This is the second of a two-part series about Jim Wangeman, the founder of Harvest Park Bowl.
Sometimes, opportunities and situations guide us to unexpected paths, and such is the story of “Big Jim” Wangeman.
By 1968, Jim was working full time at PG&E and part-time at San Jose Fiesta Bowl. The bowling alley was meant to be a part-time job to help with family expenditures, but Jim is always exceptional in everything he undertakes, and management noticed.
When the night deskman was fired, Jim was immediately promoted. What started as a weekend, part-time job soon grew to a full-time position. For five years, Jim held two full-time jobs, often coming home at 2 a.m. and waking up to his day position at 6:30 a.m.
The schedule, life’s demands and changing views on life took their toll on Jim and his wife. In 1973, they divorced. Jim still worked hard to provide for his family, but he also wanted more time with his children. Something had to change.
By this point, Anne had also come into his world. She was a hard-working single woman with four children of her own.
When the general manager of the bowling alley unexpectedly died, corporate office wanted him to take the position. Jim knew what the salary was — and he couldn’t give up PG&E for what it paid.

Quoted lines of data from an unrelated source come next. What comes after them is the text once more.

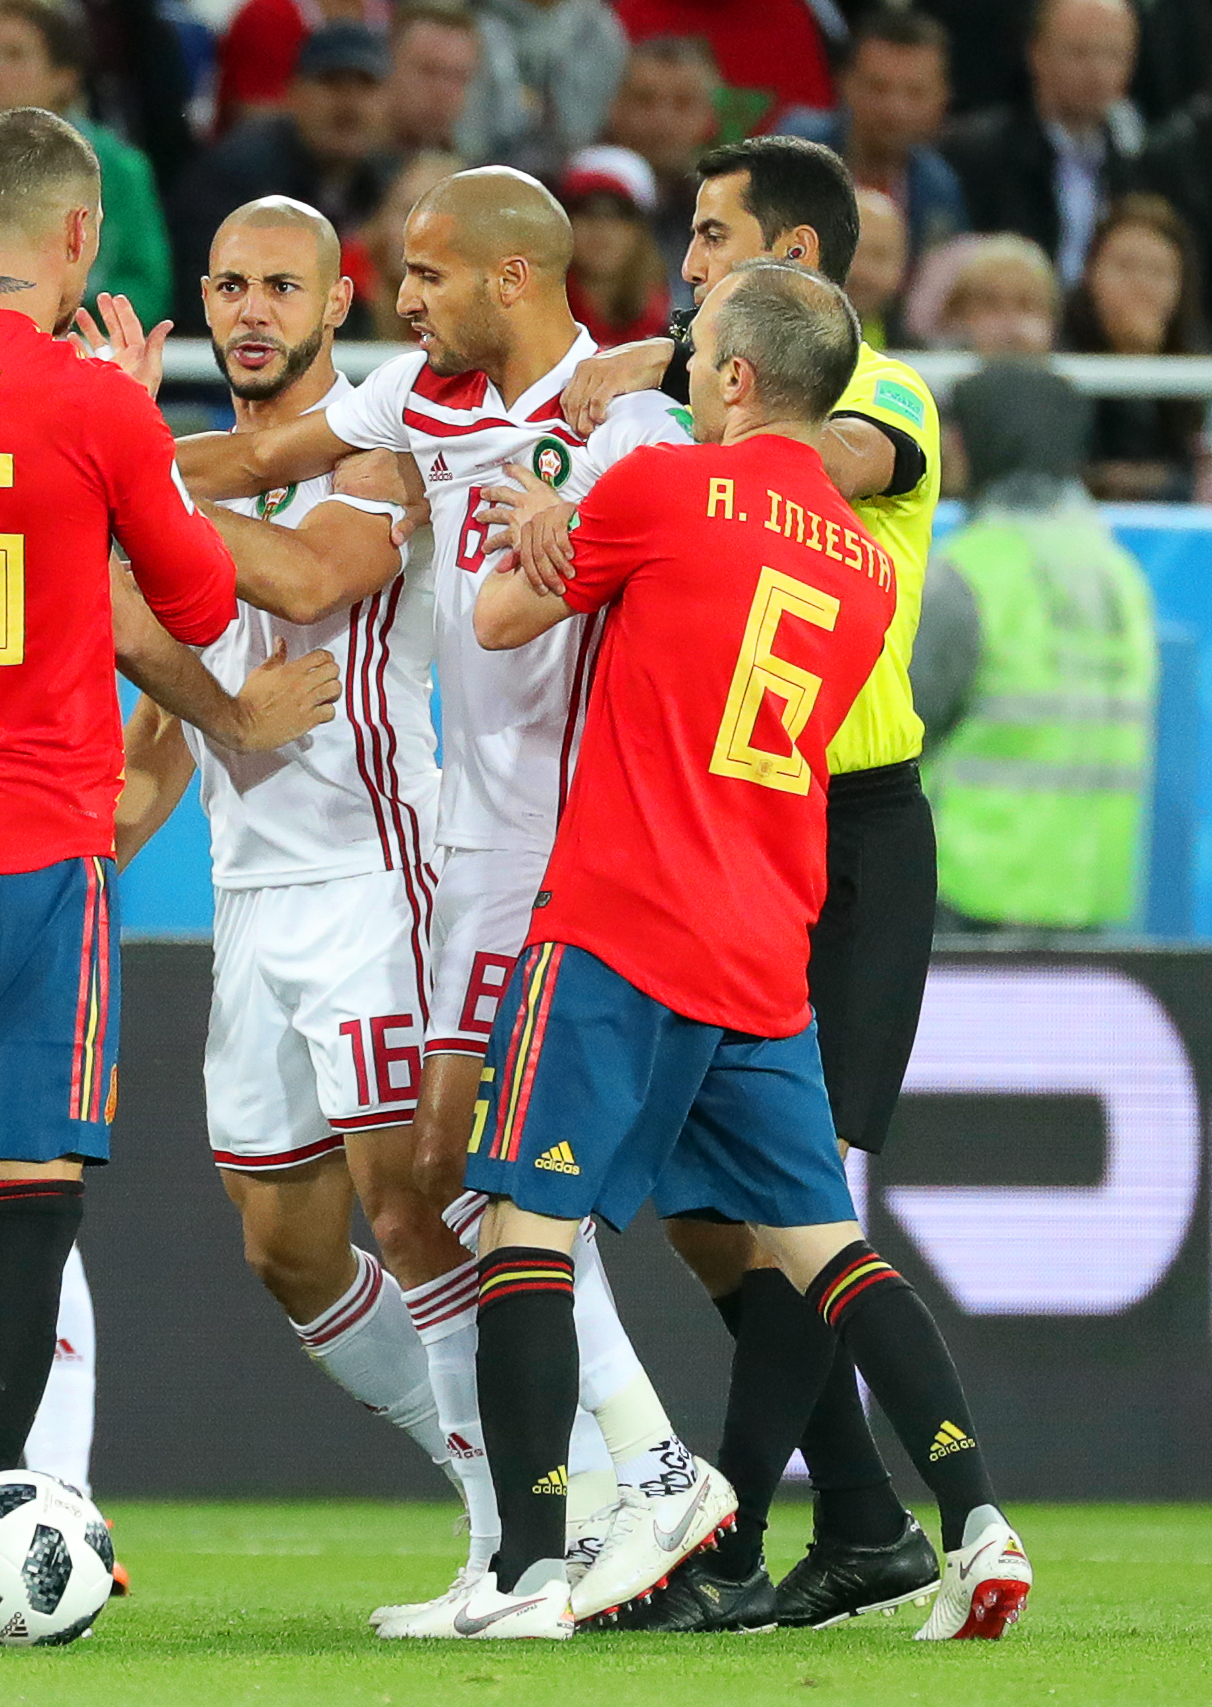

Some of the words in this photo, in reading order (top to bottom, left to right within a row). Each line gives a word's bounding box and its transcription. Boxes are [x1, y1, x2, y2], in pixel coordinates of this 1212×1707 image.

[706, 477, 748, 522] A.
[764, 489, 892, 593] INIESTA
[708, 565, 841, 796] 6
[457, 951, 520, 1035] 8
[339, 1013, 423, 1106] 16
[534, 1158, 581, 1176] adidas
[929, 1438, 976, 1462] adidas
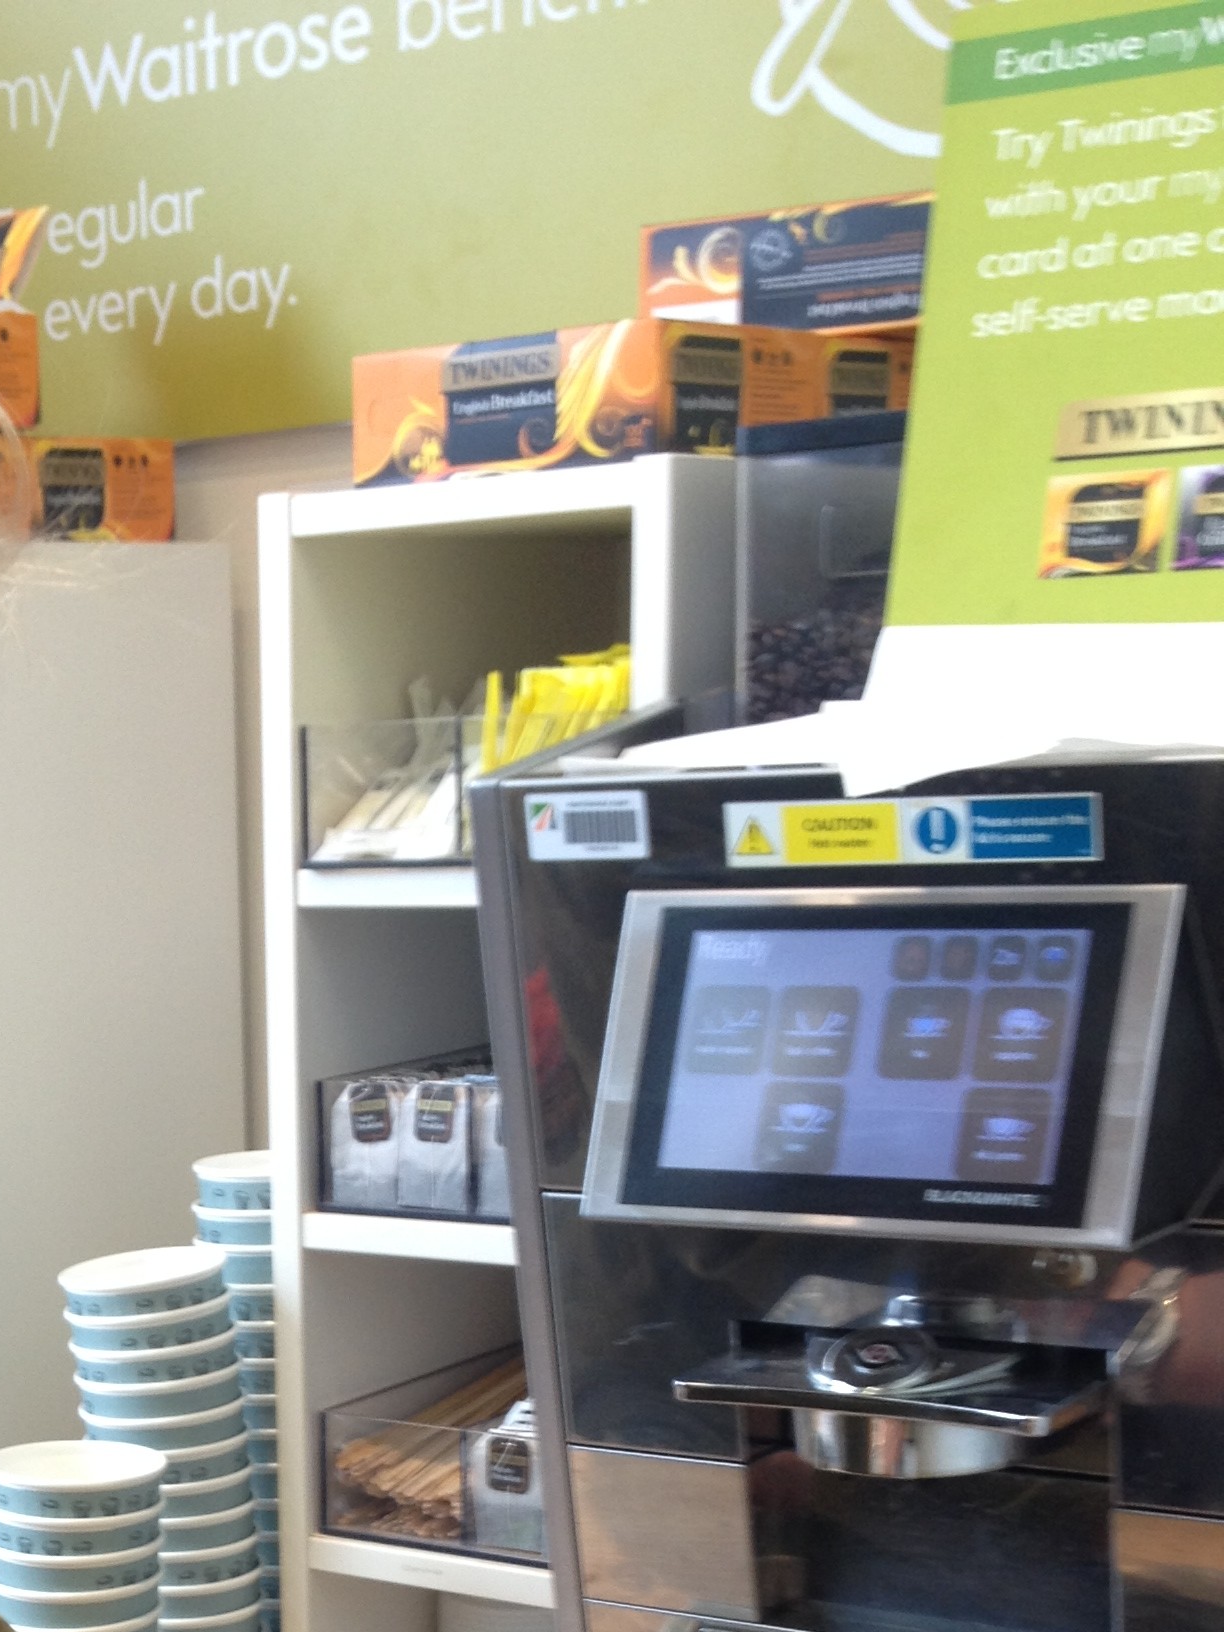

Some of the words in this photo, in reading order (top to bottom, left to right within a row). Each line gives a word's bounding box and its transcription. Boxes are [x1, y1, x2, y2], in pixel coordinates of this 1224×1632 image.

[993, 32, 1146, 80] Exclusive
[992, 127, 1054, 169] Try
[1057, 107, 1216, 152] Twinings
[984, 179, 1067, 219] with
[1071, 175, 1165, 222] your
[47, 181, 205, 269] egular
[976, 235, 1070, 279] card
[1072, 231, 1118, 268] at
[1122, 231, 1202, 264] one
[44, 281, 176, 346] every
[191, 255, 298, 327] day.
[970, 297, 1152, 337] self-serve
[450, 351, 552, 385] TWININGS
[1079, 400, 1224, 444] TWINI

When the offer was made, he said, “You can’t afford me.”
Jim let corporate know of his PG&E position and they responded by offering to pay the salary of both full-time positions, with bonuses. Unsure whether he should leave the security of PG&E and take this risk, he asked Anne.
“You are more talented than you think,” she told him. “You should take this risk.”

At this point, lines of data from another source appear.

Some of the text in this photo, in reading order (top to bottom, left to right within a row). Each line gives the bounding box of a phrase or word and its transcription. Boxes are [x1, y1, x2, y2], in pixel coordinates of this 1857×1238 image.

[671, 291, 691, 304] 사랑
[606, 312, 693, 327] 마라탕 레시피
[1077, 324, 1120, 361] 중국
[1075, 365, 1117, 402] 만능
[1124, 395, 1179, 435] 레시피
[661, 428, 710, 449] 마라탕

From this point forward, Anne became his best friend, mentor and partner — the love of his life. Though it was difficult to unite their eight children in this relationship, Anne and Jim married in 1975, blending as one big “Brady Family.”
As the years passed, Jim continued to move up the ranks to become the district manager of four bowling alleys in San Jose, eventually overseeing 11 bowling centers as regional manager.

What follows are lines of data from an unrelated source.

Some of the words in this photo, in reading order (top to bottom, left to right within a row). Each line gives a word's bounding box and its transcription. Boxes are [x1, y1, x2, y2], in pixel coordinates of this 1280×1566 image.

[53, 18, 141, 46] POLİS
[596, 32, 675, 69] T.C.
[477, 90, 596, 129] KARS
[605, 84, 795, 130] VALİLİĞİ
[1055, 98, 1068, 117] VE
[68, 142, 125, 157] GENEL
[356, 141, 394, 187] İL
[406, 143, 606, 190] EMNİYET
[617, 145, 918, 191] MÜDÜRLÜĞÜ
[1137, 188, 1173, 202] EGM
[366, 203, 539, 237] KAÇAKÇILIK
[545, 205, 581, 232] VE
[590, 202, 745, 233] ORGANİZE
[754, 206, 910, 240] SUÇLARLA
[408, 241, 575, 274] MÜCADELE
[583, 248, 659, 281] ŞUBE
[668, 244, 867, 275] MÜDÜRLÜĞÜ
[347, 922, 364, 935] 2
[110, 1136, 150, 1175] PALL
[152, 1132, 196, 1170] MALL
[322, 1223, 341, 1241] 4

In 1987, Just Games, a video games company based in San Diego, tried to recruit Jim. Though San Diego was enticing, the president of his current company wouldn’t hear of Jim leaving. With some reorganization, Jim was given an easier load and a substantial raise to stay.
Then Jim and Anne found Discovery Bay and thought it was a perfect place to live. If they were not to move to San Diego, Discovery Bay was an excellent trade-off with its golf and waterways. Though Jim still had to commute to San Jose, he loved his new world and his new Hoffman home — and what a perfect community to bring in bowling.
In 1992, Jim approached the president of his corporation about building bowling alley in East County, specifically Brentwood. After much speculation and review, the company decided the community was not large enough to support a bowling center.
Instead, the company bought Just Games out of San Diego, set up headquarters in San Jose and put Jim in charge. In 1993, Jim headed the game division of the bowling centers, but he still had to contend with the long commute to San Jose.
In May 1993, after 25 years in the industry, Jim retired from his company, but Jim would not truly retire.
He researched the feasibility of a bowling center in Brentwood and purchased 2.4 acres on its outskirts for $553,000. As a visionary, this seemed to be a great start to his dream. He knew it would take a lot more money to bring his dream to fruition, and solicited partners, loans and purchases of all that comes into creating a bowling center. He even went to Mobile, Alabama, to purchase the lanes used in the National Tournament of 1994. However, he was still short on cash to finalize his dream.
Then, he recollected his experiences running the video sector of the bowling centers. He reached out to Video Game Company to advance the remaining money, who could profit from putting video games in the bowling center. In December 1994, Harvest Park Bowl opened its doors for business.
Jim Wangeman and Harvest Park Bowl mean so much more to East County than just an established business. The first year of operation, Jim and Anne ran the center with no employees. He was able to hire Sherry Mackenzie as a desk clerk after about two years.
Sherry quickly took on more responsibilities and is now general manager. Jim believes he could not have made Harvest Park Bowl a success without Anne and Sherry.
Today, Harvest Park Bowl is a highly respected business that has given thousands of dollars to charities. It has funded over $350,000 in scholarships to students and even provided a full ride to Wichita State for one bowler who went All-American. Harvest Park Bowl has put Brentwood on the map for several bowling competitions that have been nationally televised, including the 20th year Senior Bowling Tour.
Jim has also been a star community leader. He helped begin the Police Activities League (PAL), was a president of the Rotary Club and has run a business with a payroll of more than $1 million.
But none of this would have happened if not for the love, devotion and faith Anne gave Jim to strive and fly to reach his dreams.
“I feel blessed,” Jim said.
He is blessed — because this is a man with many lives, who united with the ideal soul mate. Together they have eight children, 20 grandchildren, 31 great-grandchildren and three great-great-grandchildren. For 45 years, they lived their love story.
Anne died last year, and hundreds of people came to the bowling center to pay their respects to Anne and to Jim.
Happy 25th anniversary, Harvest Park Bowl, and thank you, Jim Wangeman, for enriching our county and our city. We are better because you chose us to share your dream.